[[ Entries shown open ]]

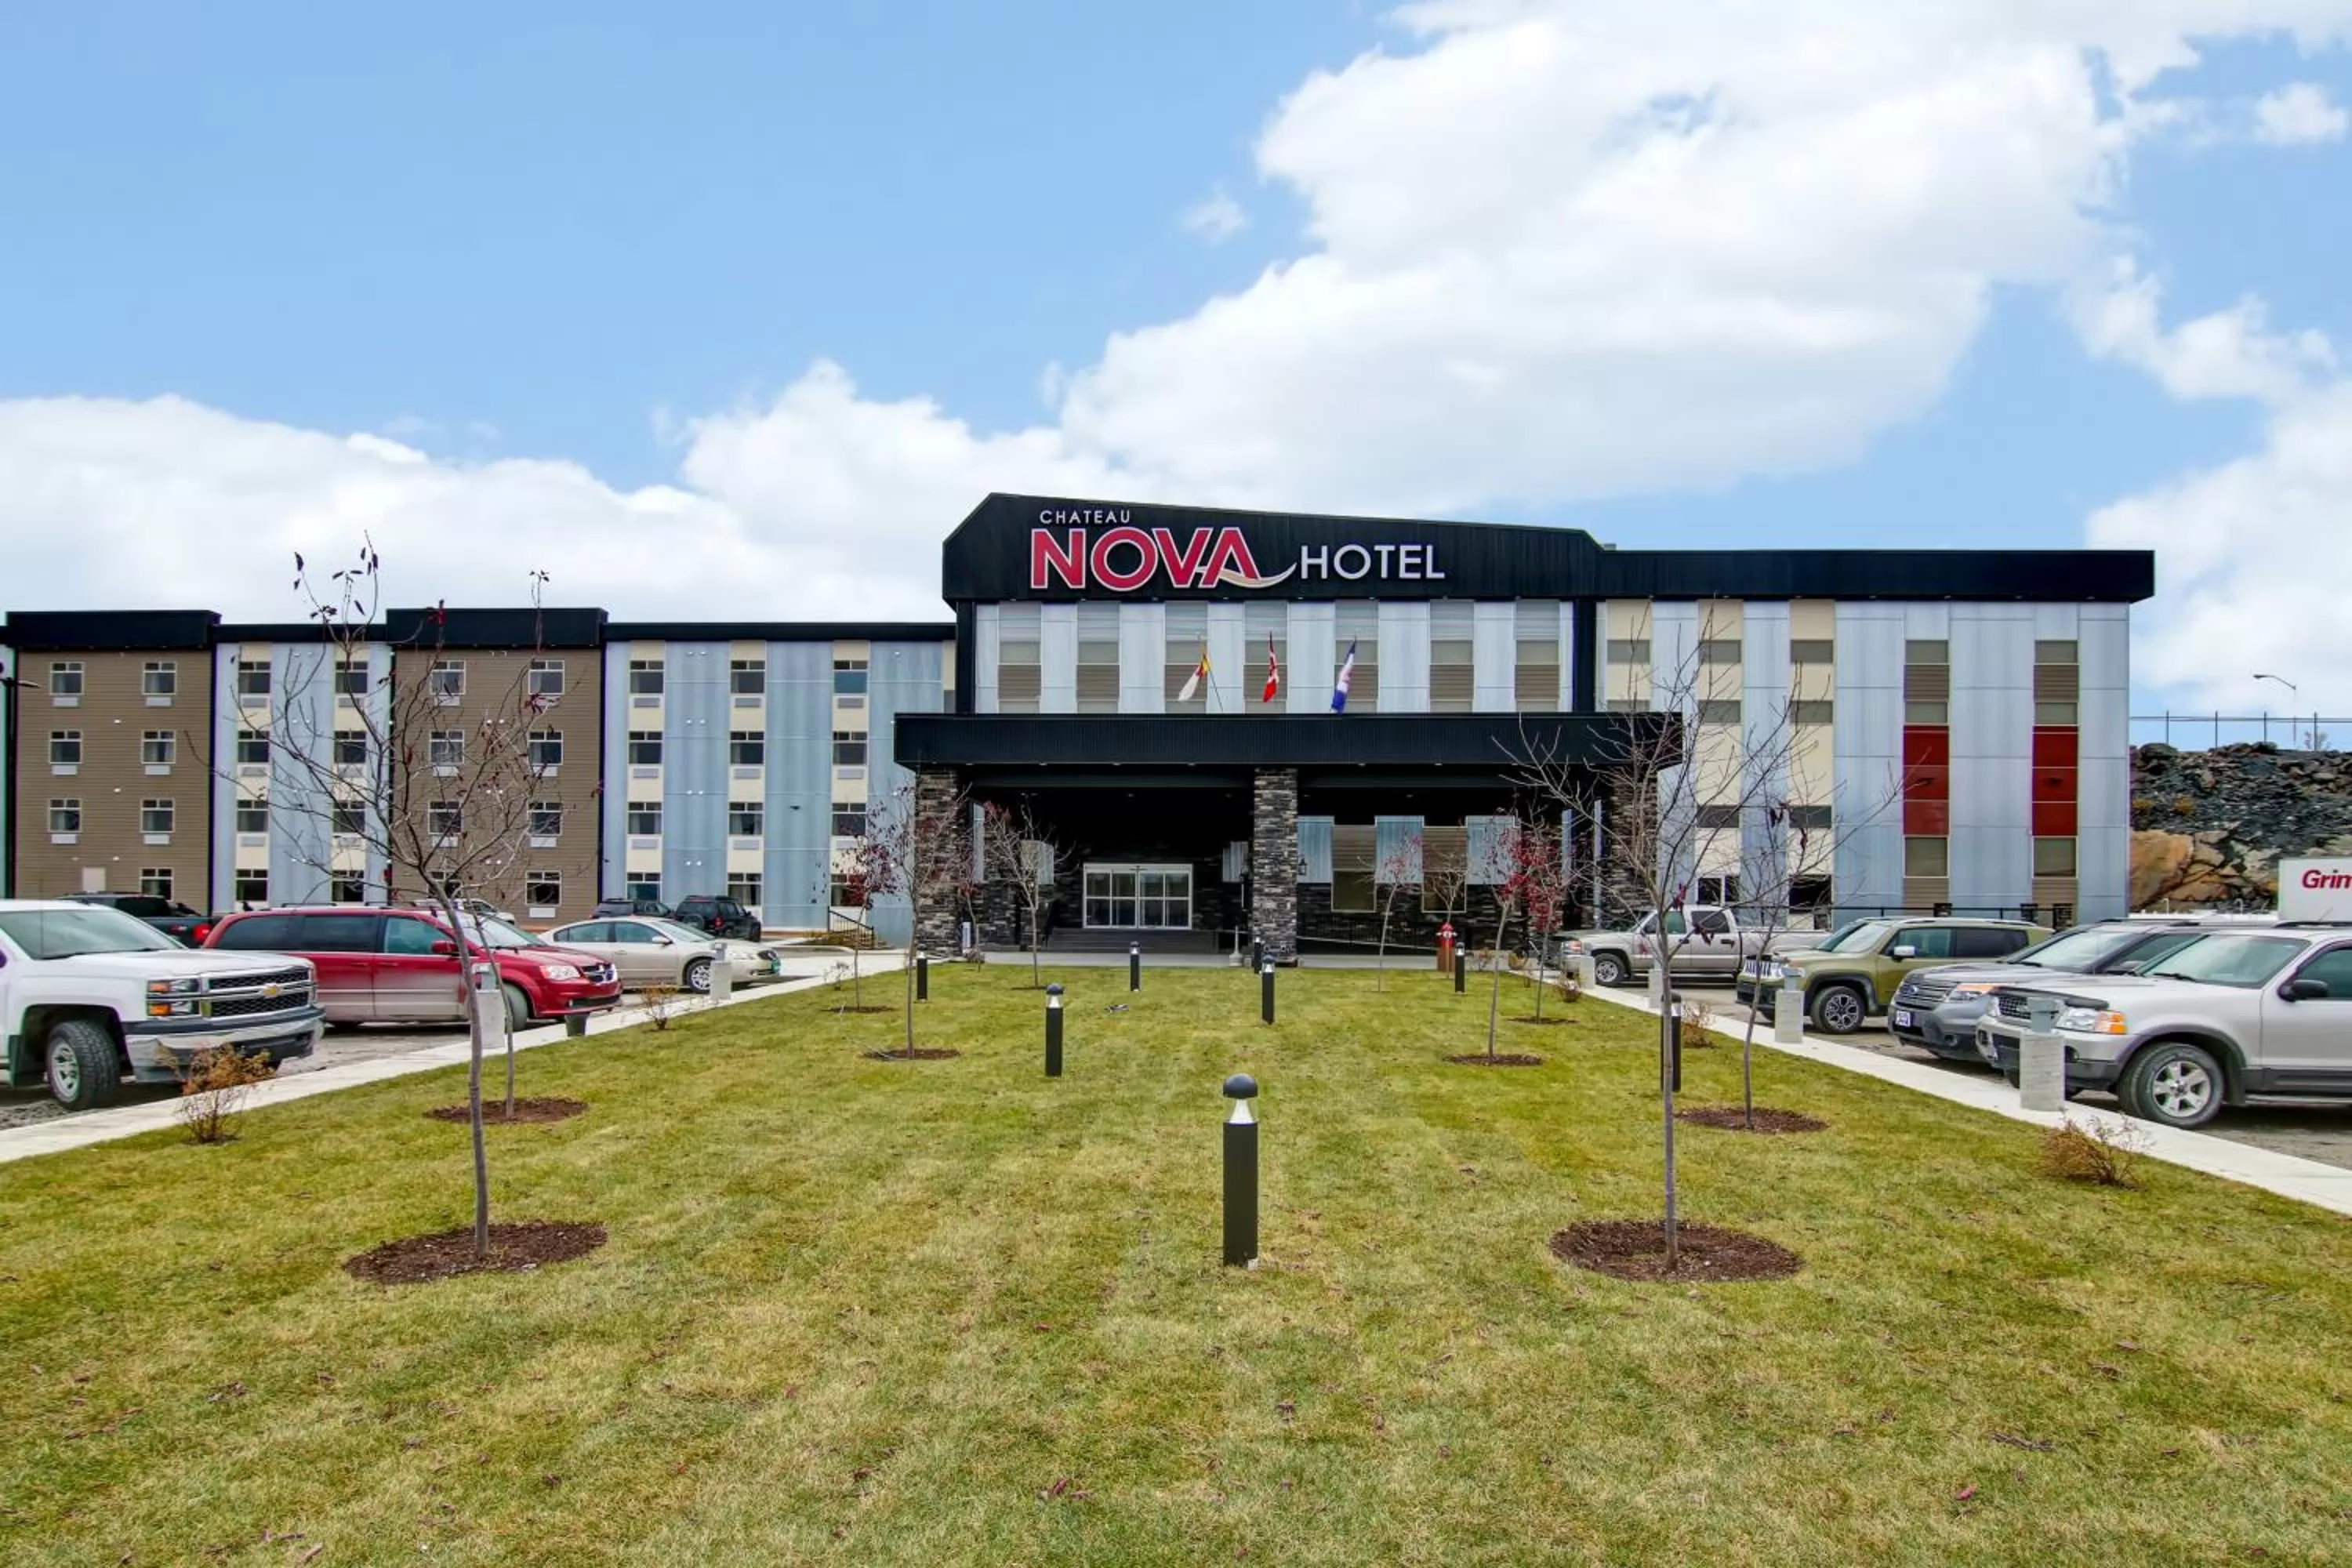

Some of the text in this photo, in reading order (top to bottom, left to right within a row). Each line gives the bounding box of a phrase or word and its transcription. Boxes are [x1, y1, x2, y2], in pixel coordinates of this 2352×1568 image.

[1039, 510, 1131, 524] CHATEAU
[1031, 527, 1446, 591] NOVA HOTEL
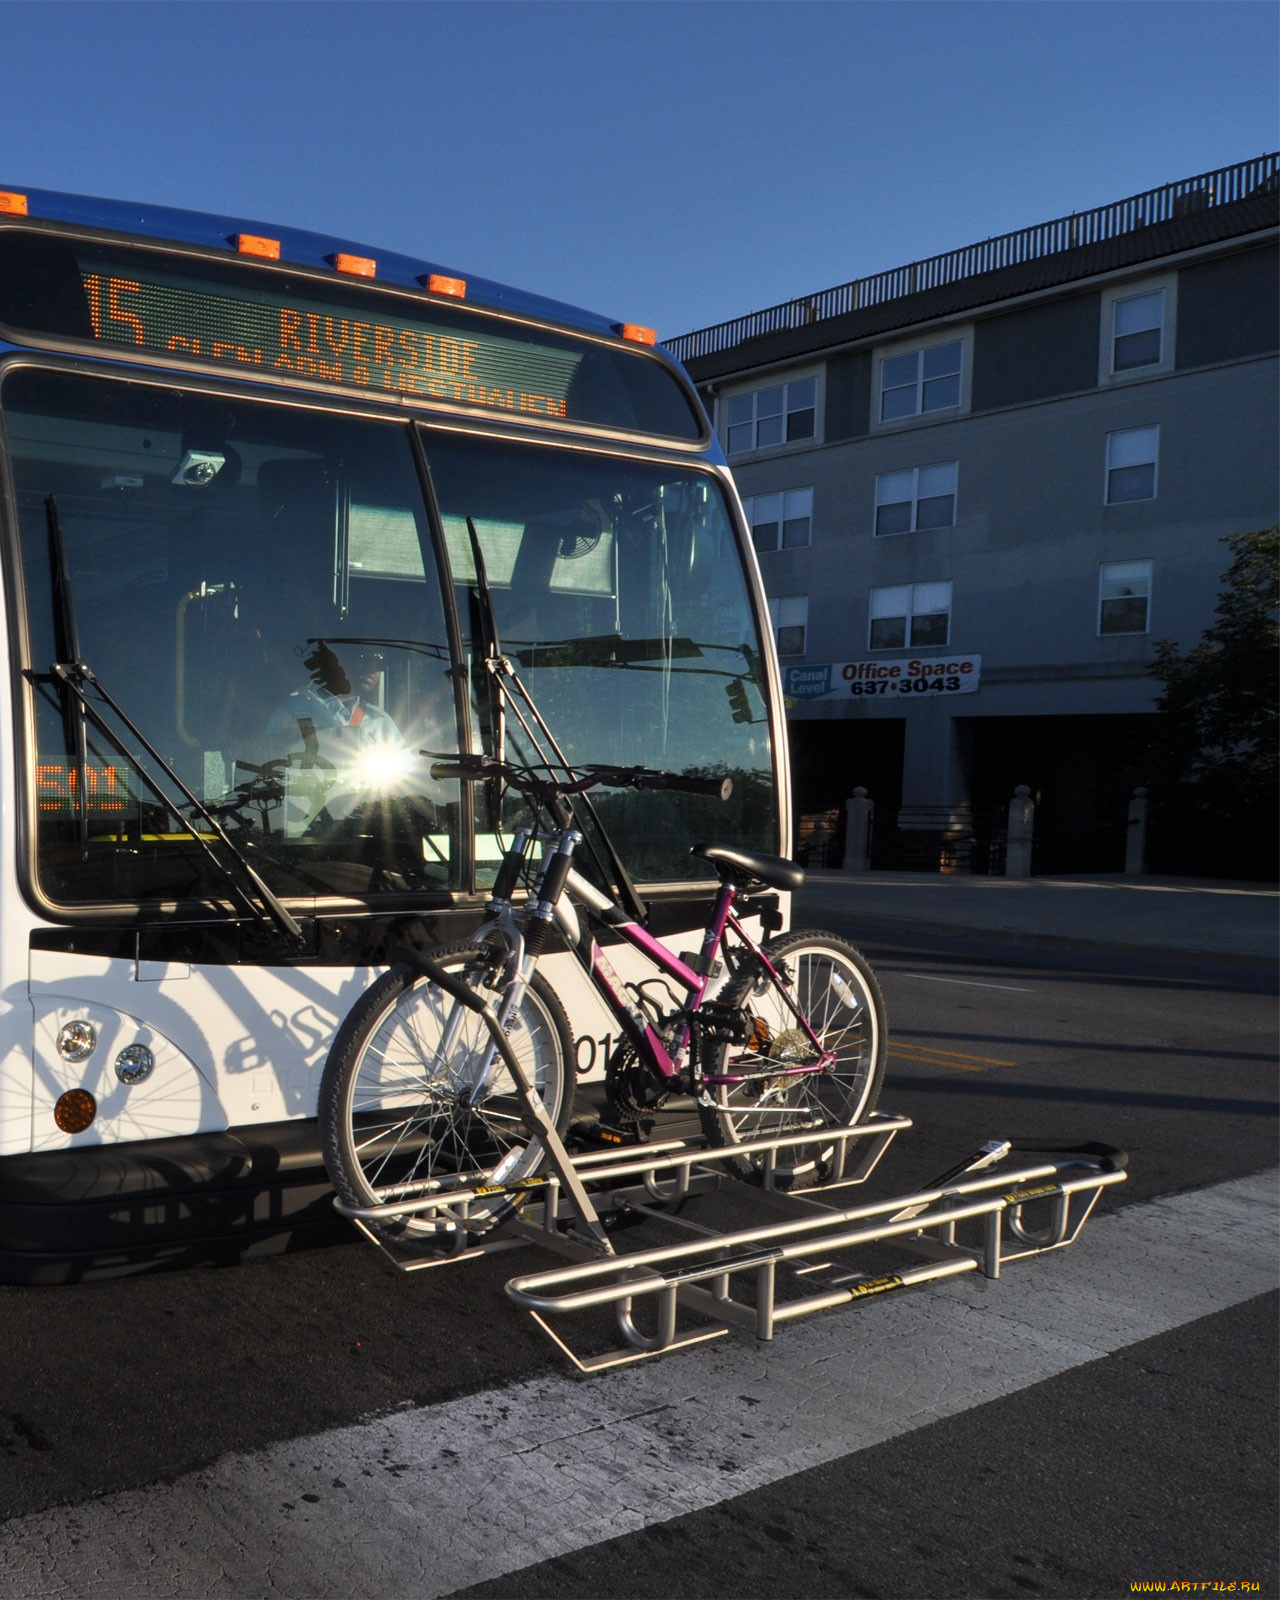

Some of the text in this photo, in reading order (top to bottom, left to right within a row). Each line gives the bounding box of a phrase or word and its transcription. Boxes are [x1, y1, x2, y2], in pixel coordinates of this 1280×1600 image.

[83, 273, 144, 345] 15
[280, 308, 479, 380] RIVERSIDE
[789, 668, 828, 682] Canal
[842, 660, 974, 681] Office Space
[790, 682, 825, 694] Level
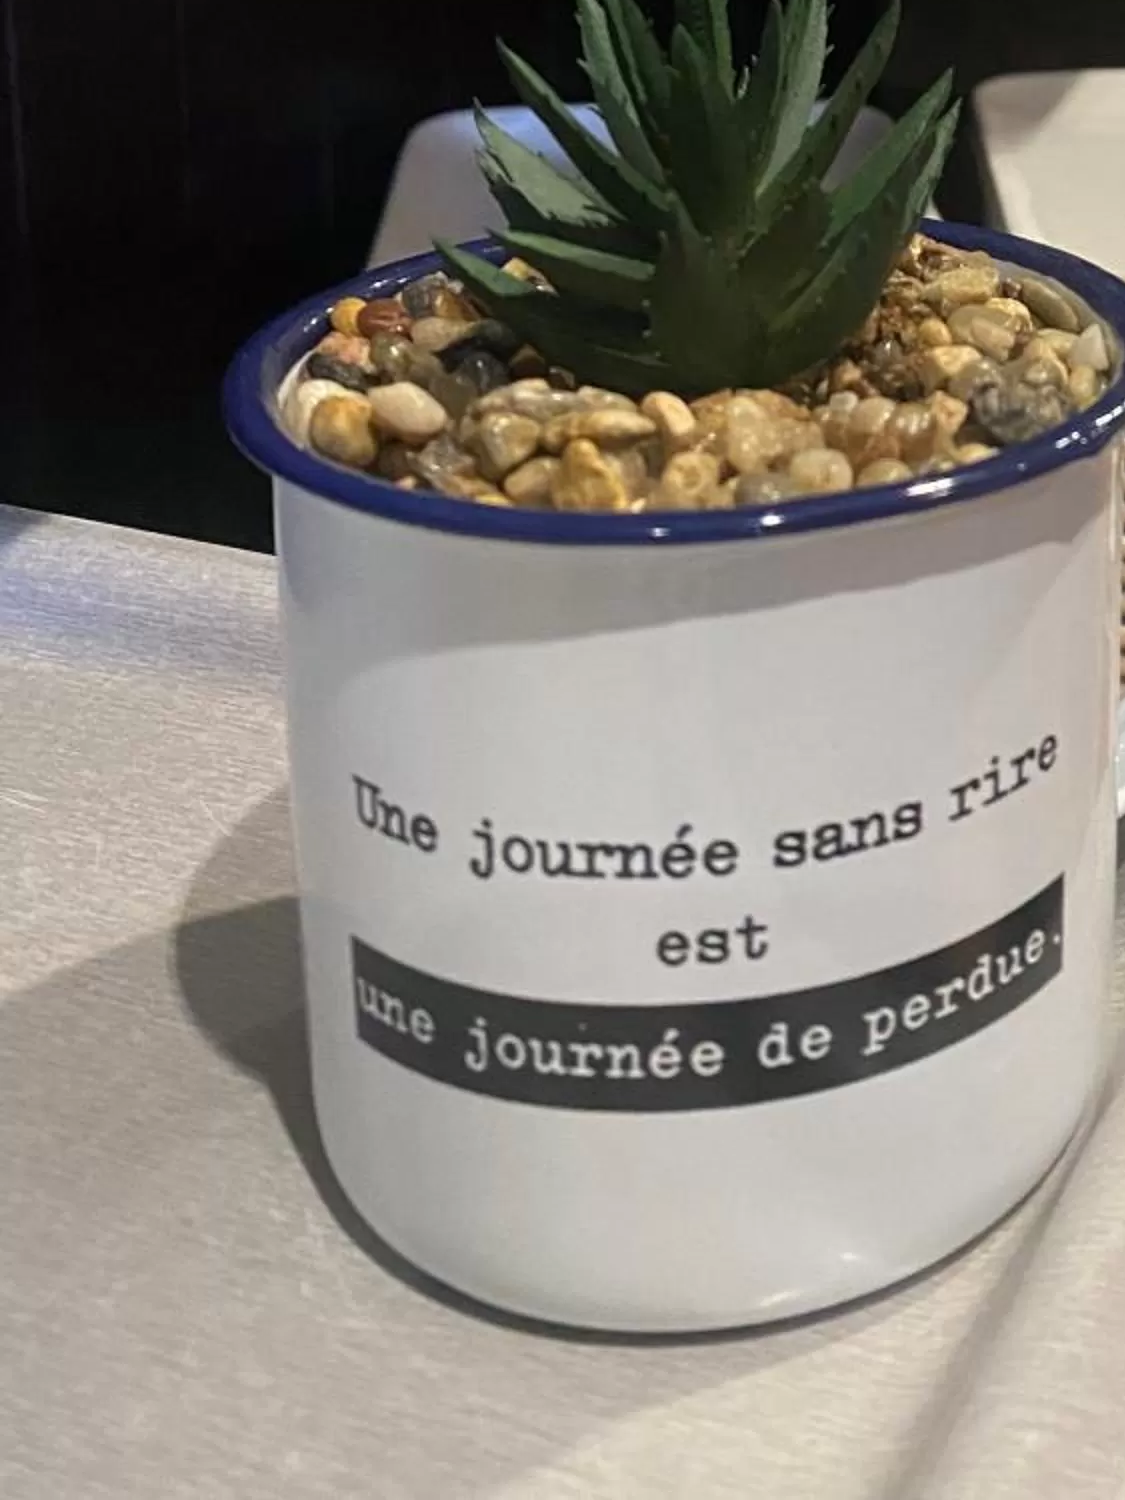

[[ Entries shown closed ]]

### Task directions
Reproduce the material above in full and without alteration, but skip all pictures.

### Task response
Some of the text in this photo, in reading order (top to bottom, left to right within a row). Each line gives the bounding box of a phrase or word and its transcription. Boxes are [x1, y1, x2, y2], in pixel coordinates of this 2352×1568 image.

[1039, 510, 1131, 524] CHATEAU
[1031, 527, 1446, 591] NOVA HOTEL

Some of the text in this photo, in reading order (top to bottom, left to right within a row). Each line gives the bounding box of a phrase or word and its transcription. Boxes are [x1, y1, x2, y2], in pixel coordinates of this 1280×1600 image.

[83, 273, 144, 345] 15
[280, 308, 479, 380] RIVERSIDE
[789, 668, 828, 682] Canal
[842, 660, 974, 681] Office Space
[790, 682, 825, 694] Level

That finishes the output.